> [EXERCISE OBJECTIVE]: What you return should match every record exactly, with the images removed.

══ INFORMATION

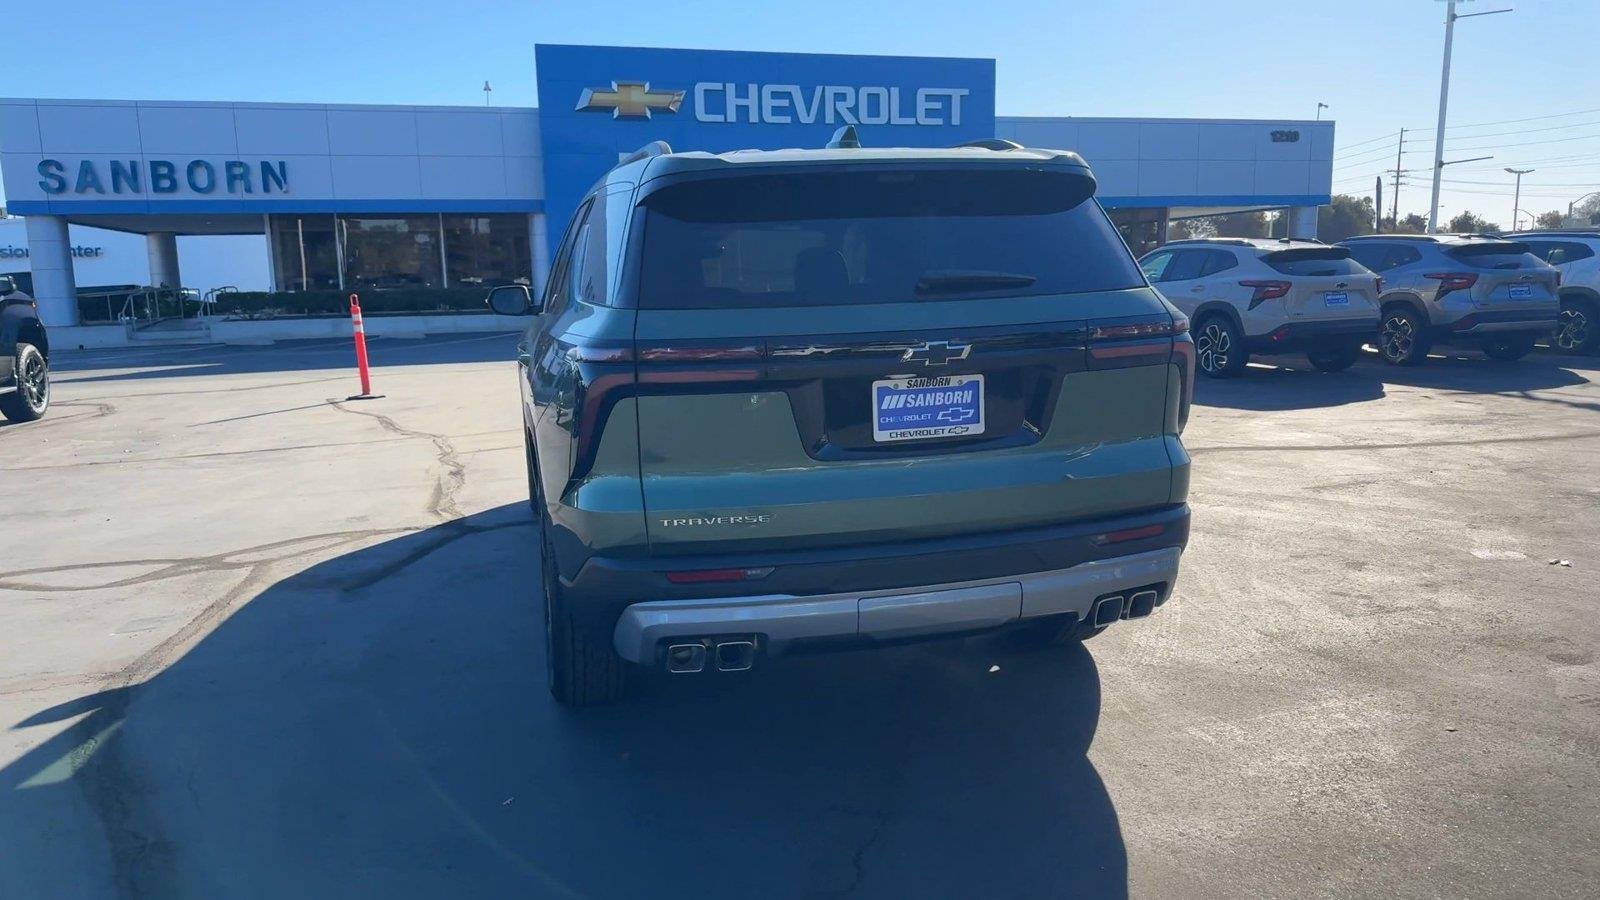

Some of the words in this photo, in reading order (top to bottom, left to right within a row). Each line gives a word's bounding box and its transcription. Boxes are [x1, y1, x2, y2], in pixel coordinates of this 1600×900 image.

[694, 82, 970, 126] CHEVROLET
[37, 158, 289, 195] SANBORN
[906, 378, 952, 389] SANBORN
[906, 390, 973, 408] SANBORN
[880, 413, 932, 423] CHEVROLET
[889, 428, 946, 439] CHEVROLET
[660, 514, 771, 527] TRAVERSE
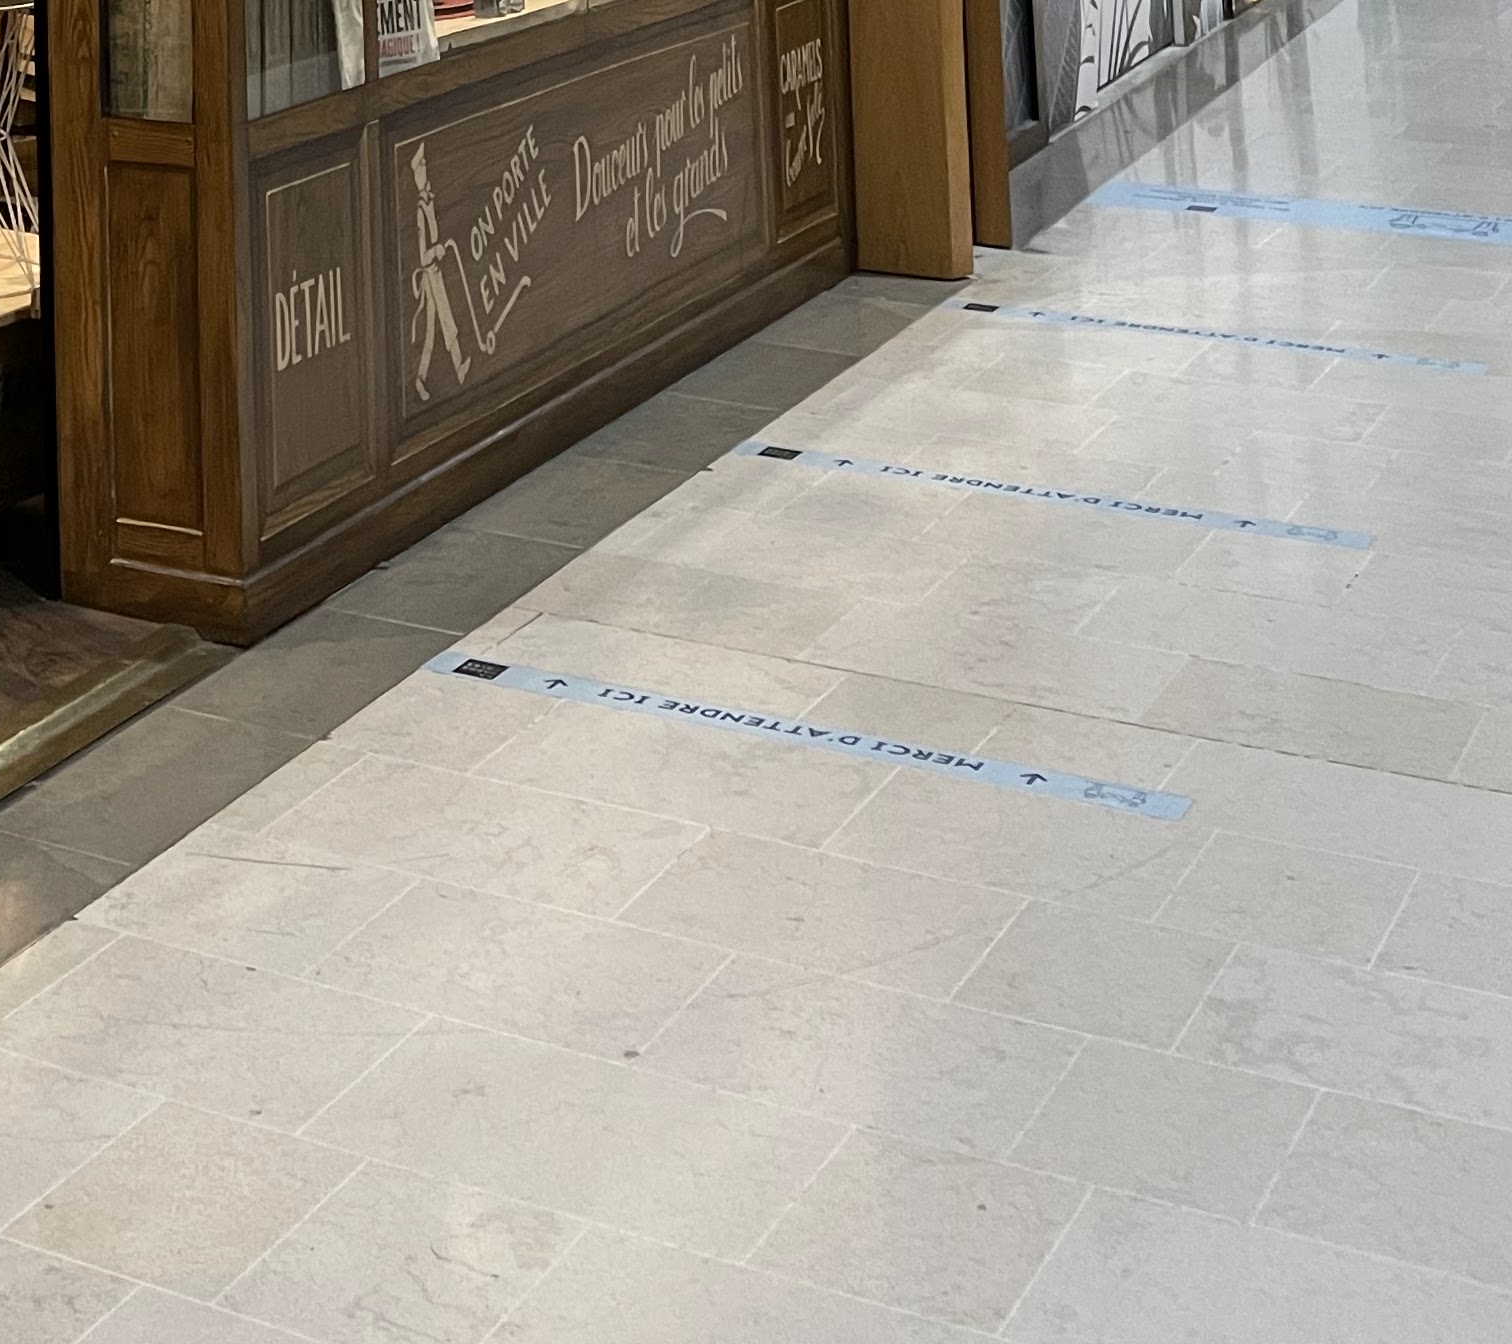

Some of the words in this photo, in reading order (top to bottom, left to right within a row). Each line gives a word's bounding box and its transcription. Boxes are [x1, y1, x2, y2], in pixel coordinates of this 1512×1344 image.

[379, 36, 415, 58] AGIQUE
[573, 122, 649, 222] Douceurs
[655, 91, 687, 178] pour
[689, 54, 706, 129] les
[709, 34, 743, 140] petits
[470, 207, 495, 261] ON
[492, 124, 540, 221] PORTE
[626, 184, 641, 259] et
[645, 167, 667, 239] les
[670, 117, 729, 258] grands
[479, 251, 506, 315] EN
[504, 168, 553, 263] VILLE
[275, 267, 352, 371] DÉTAIL
[879, 465, 924, 478] ICI
[931, 473, 1102, 505] D'ATTENDRE
[1109, 500, 1204, 521] MERCI
[597, 687, 651, 706] ICI
[657, 699, 862, 748] D'ATTENDRE
[870, 740, 985, 772] MERCI
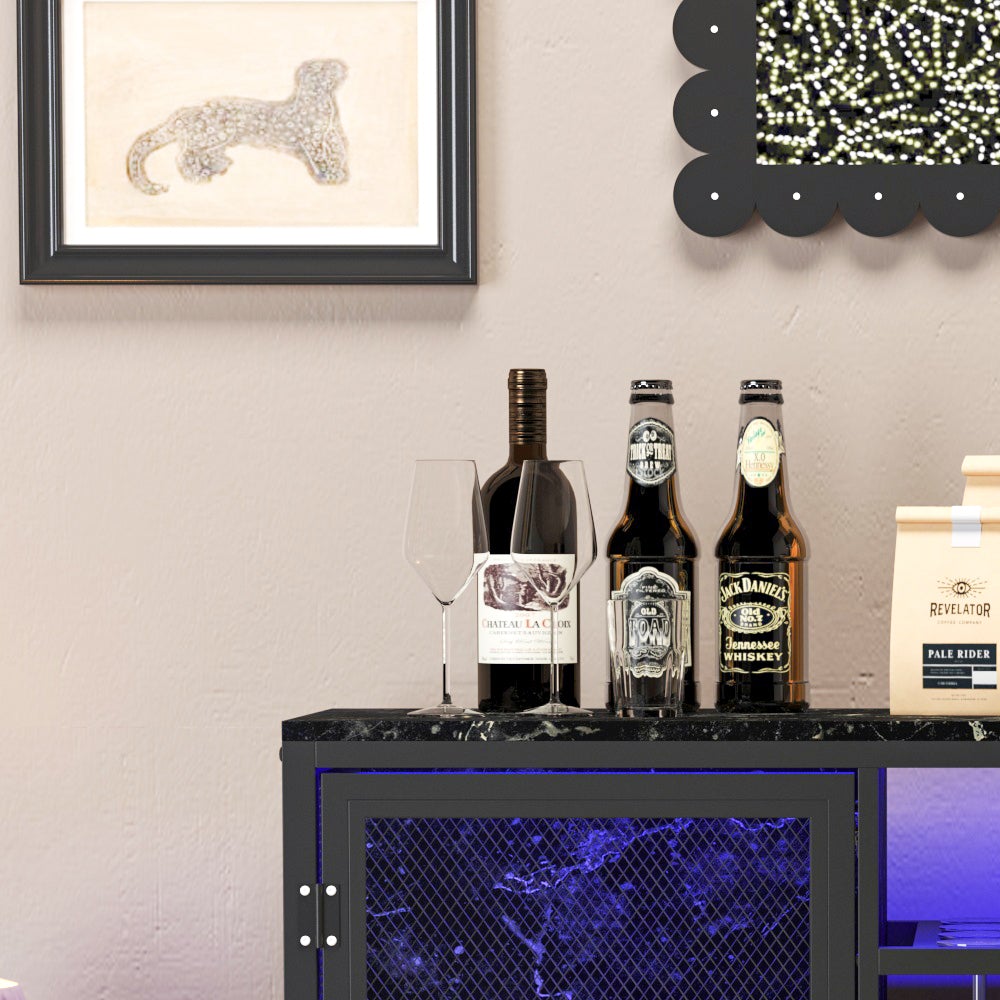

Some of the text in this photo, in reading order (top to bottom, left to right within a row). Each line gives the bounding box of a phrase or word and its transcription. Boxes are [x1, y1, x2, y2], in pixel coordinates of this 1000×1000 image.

════

> [SOLUTION BELOW]:
Some of the words in this photo, in reading order (top to bottom, left to right within a row). Each line gives a word's bounding box and its transcription. Boxes are [x1, y1, x2, y2], in pixel coordinates of this 1600×900 image.

[694, 82, 970, 126] CHEVROLET
[37, 158, 289, 195] SANBORN
[906, 378, 952, 389] SANBORN
[906, 390, 973, 408] SANBORN
[880, 413, 932, 423] CHEVROLET
[889, 428, 946, 439] CHEVROLET
[660, 514, 771, 527] TRAVERSE

Some of the words in this photo, in reading order (top to bottom, left to right within a row). Each line gives a word's bounding box and its transcription. Boxes are [x1, y1, x2, y2], in pixel coordinates of this 1512×1344 image.

[379, 36, 415, 58] AGIQUE
[573, 122, 649, 222] Douceurs
[655, 91, 687, 178] pour
[689, 54, 706, 129] les
[709, 34, 743, 140] petits
[470, 207, 495, 261] ON
[492, 124, 540, 221] PORTE
[626, 184, 641, 259] et
[645, 167, 667, 239] les
[670, 117, 729, 258] grands
[479, 251, 506, 315] EN
[504, 168, 553, 263] VILLE
[275, 267, 352, 371] DÉTAIL
[879, 465, 924, 478] ICI
[931, 473, 1102, 505] D'ATTENDRE
[1109, 500, 1204, 521] MERCI
[597, 687, 651, 706] ICI
[657, 699, 862, 748] D'ATTENDRE
[870, 740, 985, 772] MERCI

Some of the text in this photo, in reading order (top to bottom, left to right within a row). Each line gives the bounding box of a phrase or word and its transcription. Boxes are [x1, y1, x2, y2], in pixel coordinates of this 1000×1000 image.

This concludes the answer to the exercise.